(Dataset items)
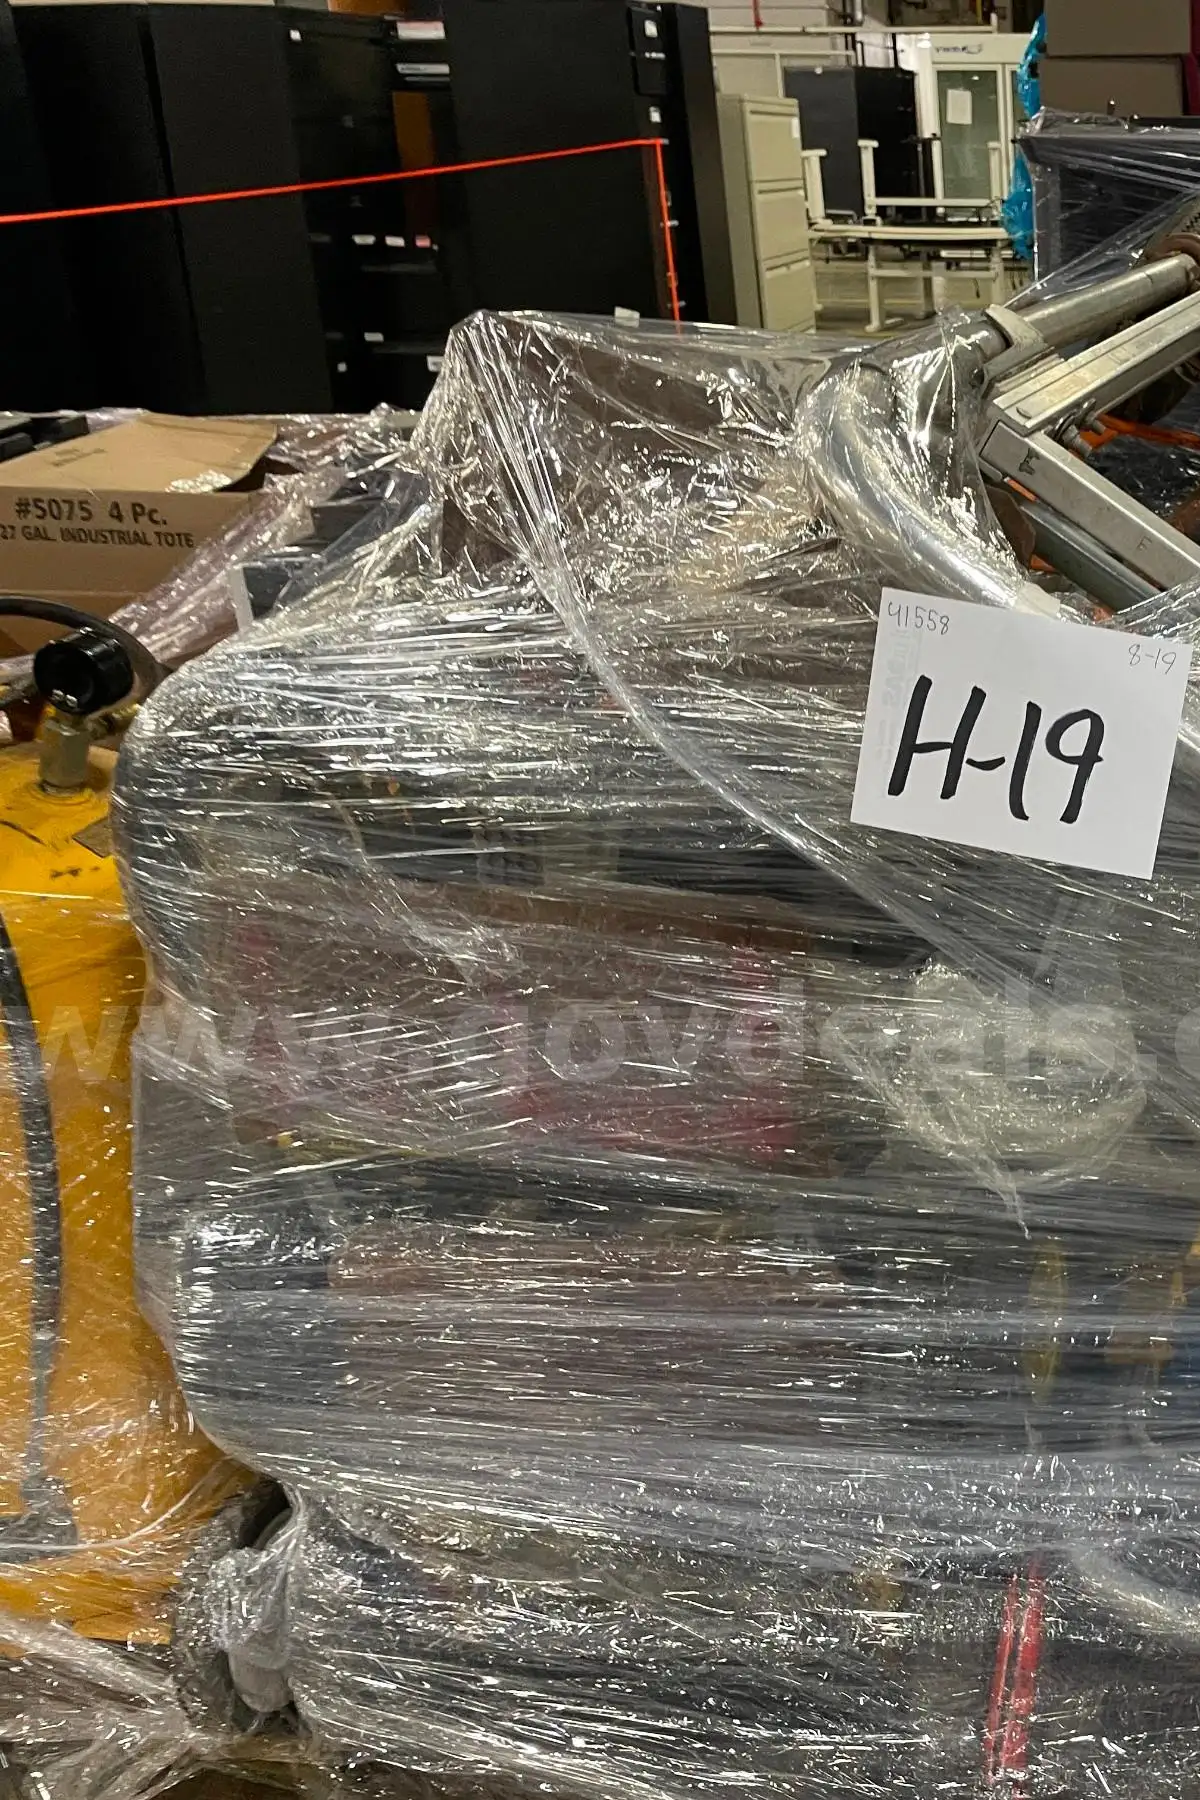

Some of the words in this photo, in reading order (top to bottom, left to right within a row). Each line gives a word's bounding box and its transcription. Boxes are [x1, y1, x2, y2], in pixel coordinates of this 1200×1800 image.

[15, 497, 94, 521] #5075
[108, 501, 124, 523] 4
[131, 502, 168, 525] Pc.
[60, 527, 152, 546] INDUSTRIAL
[153, 532, 194, 548] TOTE
[888, 601, 950, 635] 41558
[1129, 644, 1177, 675] 8-19
[887, 674, 1105, 824] H-19
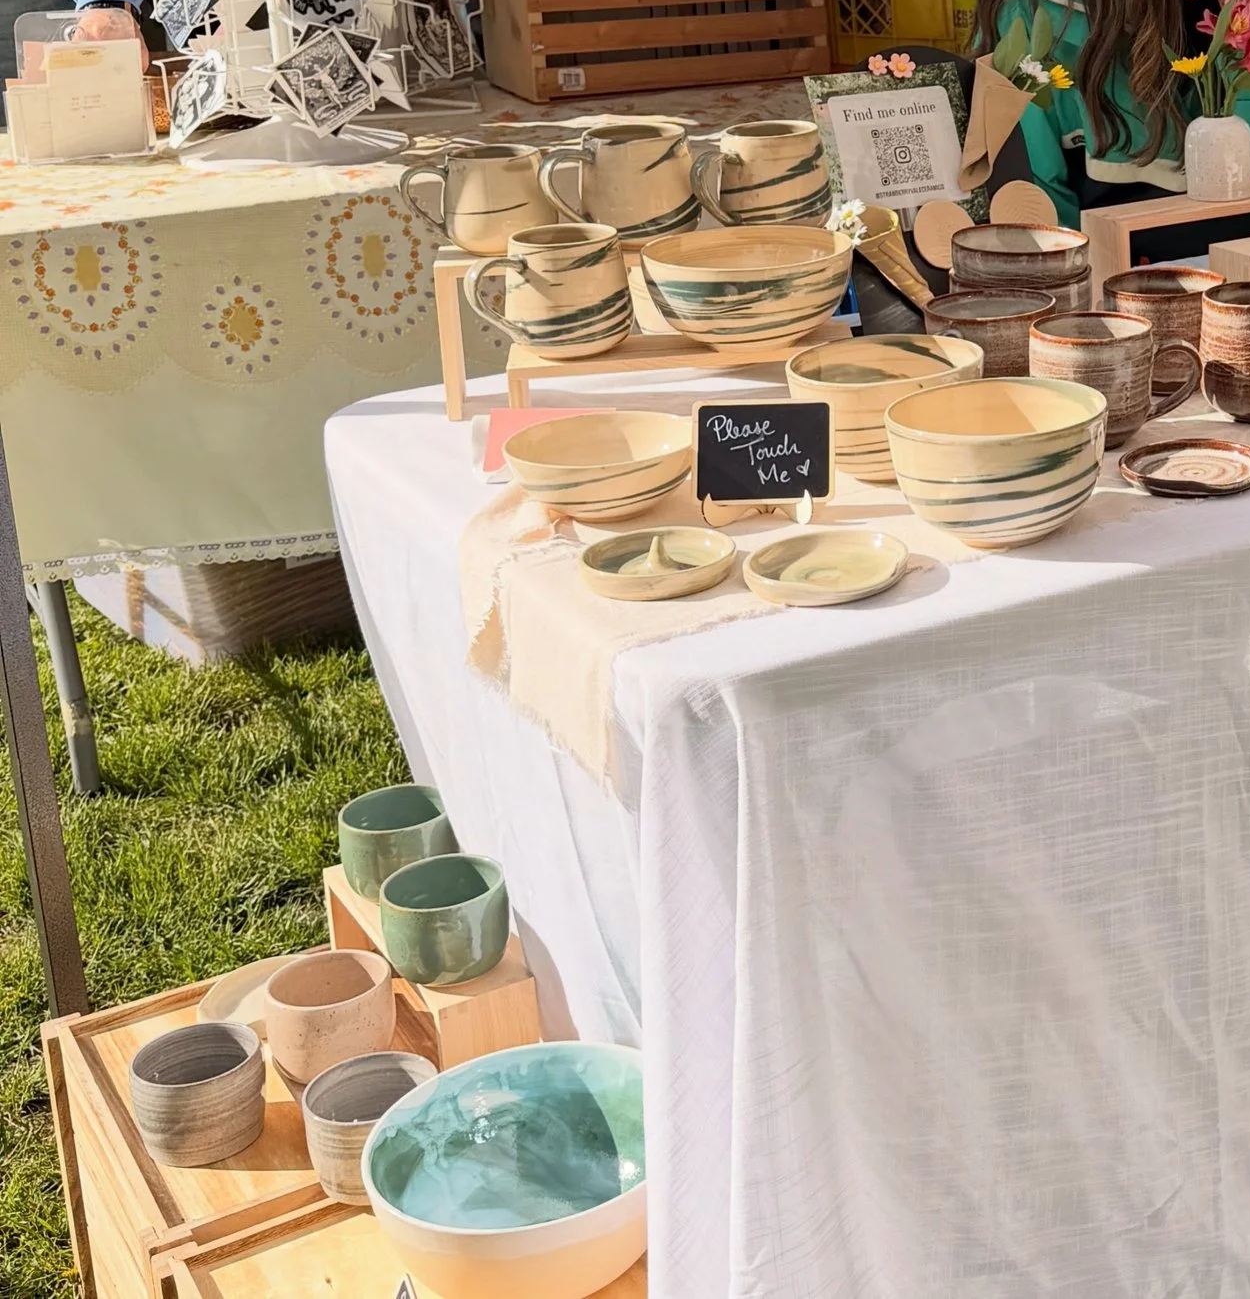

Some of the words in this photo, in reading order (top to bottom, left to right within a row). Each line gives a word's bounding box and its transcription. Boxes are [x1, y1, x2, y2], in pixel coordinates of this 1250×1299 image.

* TASK PROMPT:
Exclude the pictures and give back the rest of the data above exactly as written.

* TASK RESULT:
Some of the words in this photo, in reading order (top to bottom, left to right within a row). Each line gives a word's bounding box and its transcription. Boxes are [x1, y1, x2, y2], in pixel coordinates of this 1200×1800 image.

[15, 497, 94, 521] #5075
[108, 501, 124, 523] 4
[131, 502, 168, 525] Pc.
[60, 527, 152, 546] INDUSTRIAL
[153, 532, 194, 548] TOTE
[888, 601, 950, 635] 41558
[1129, 644, 1177, 675] 8-19
[887, 674, 1105, 824] H-19

Some of the words in this photo, in reading order (top to bottom, left to right within a row). Each line gives a word's bounding box and its transcription. Boxes are [x1, y1, x2, y2], in pixel coordinates of this 1250×1299 image.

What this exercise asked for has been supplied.